Currently, Little Sheep has nearly 500 outlets throughout China, East Asia and North America. However, its rapid expansion was hit by the under-development of cold chain technology. Logistical problems have also affected its performance in some areas. In addition, the rising cost of raw materials, labor and rent are looming threats to the company's financial performance, analysts said.
"After the deal, Yum's strong logistics network across the nation will lower the operating costs of Little Sheep, and will create a win-win outcome," Liu said.

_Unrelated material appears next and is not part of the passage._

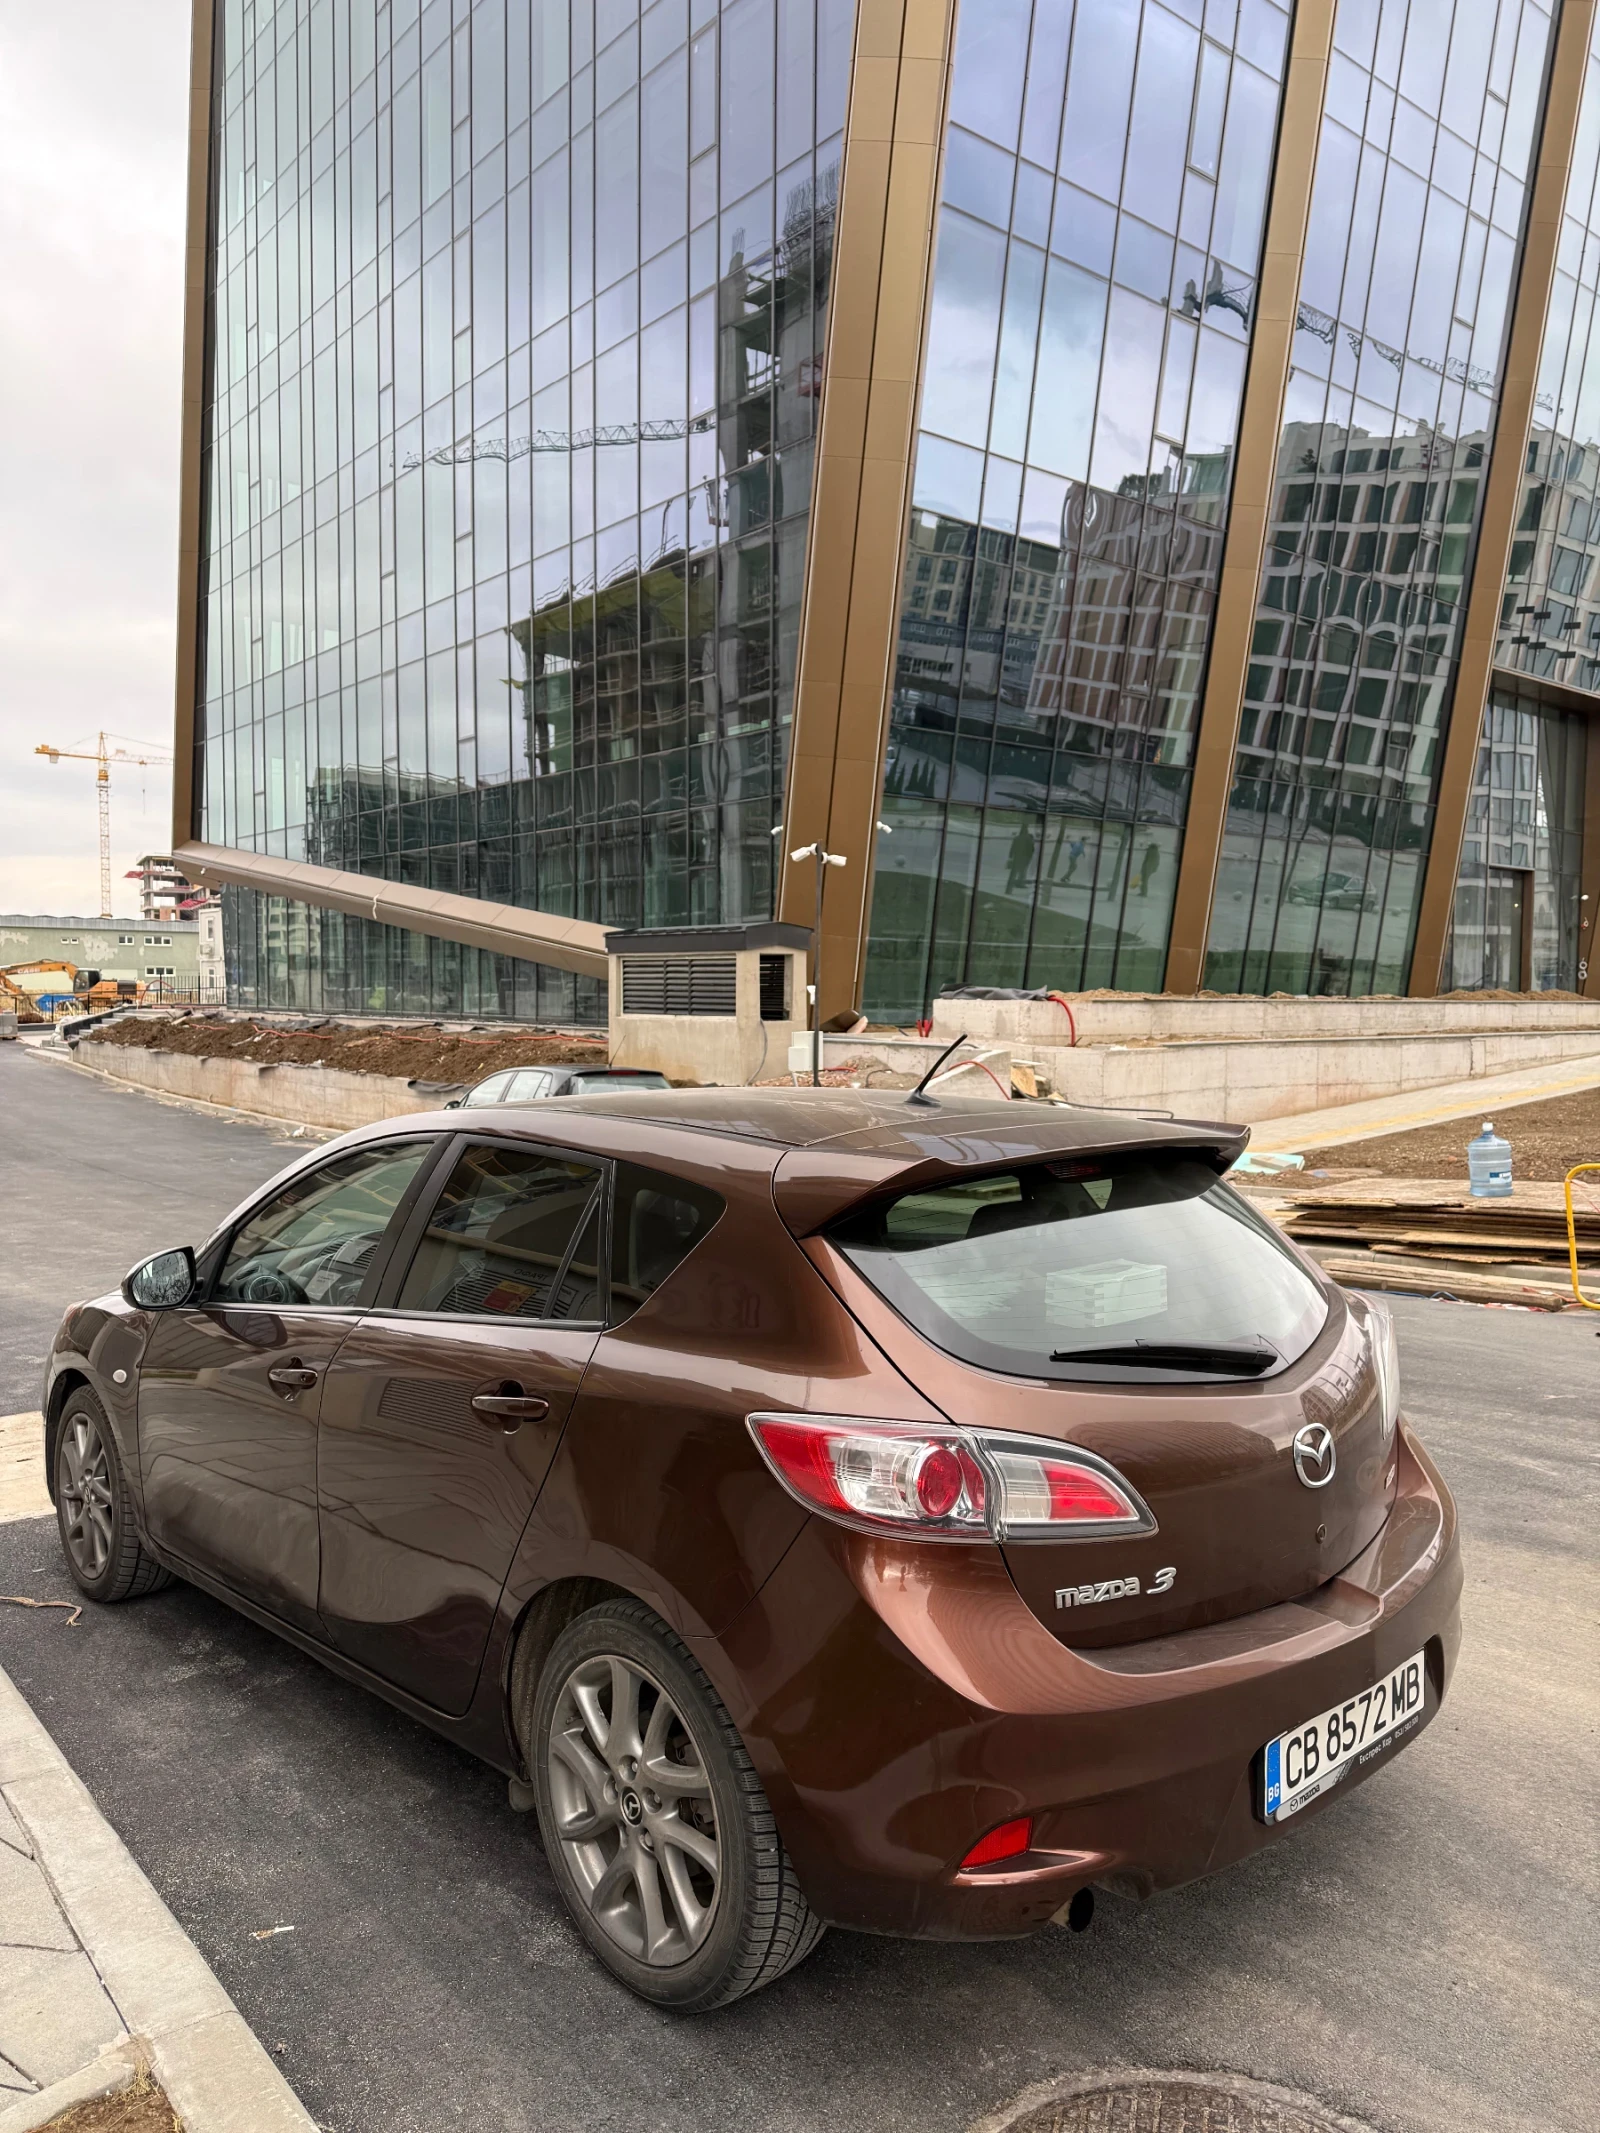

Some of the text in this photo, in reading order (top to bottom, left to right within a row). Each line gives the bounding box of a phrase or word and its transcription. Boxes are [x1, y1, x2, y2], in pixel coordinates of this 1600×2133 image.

[1055, 1567, 1177, 1609] mazda 3
[1286, 1662, 1420, 1788] CB 8572 MB
[1268, 1782, 1280, 1803] BG
[1299, 1784, 1320, 1804] mazda

According to the announcement, Zhang will maintain his position after Little Sheep's privatization. "I will hold Little Sheep's shares in the long term, and stay in my management position. I am confident about the China market," he said.
For Yum, this is another milestone since it entered China in 1987. Operating more than 3,800 restaurants in more than 700 cities nationwide, the fast-food giant has a large appetite for the Chinese market.
"Chinese food is very localized, and for many years Western fast-food brands were not interested in offering real Chinese food. But the successful localization of KFC inspired them to invest more," Liu said.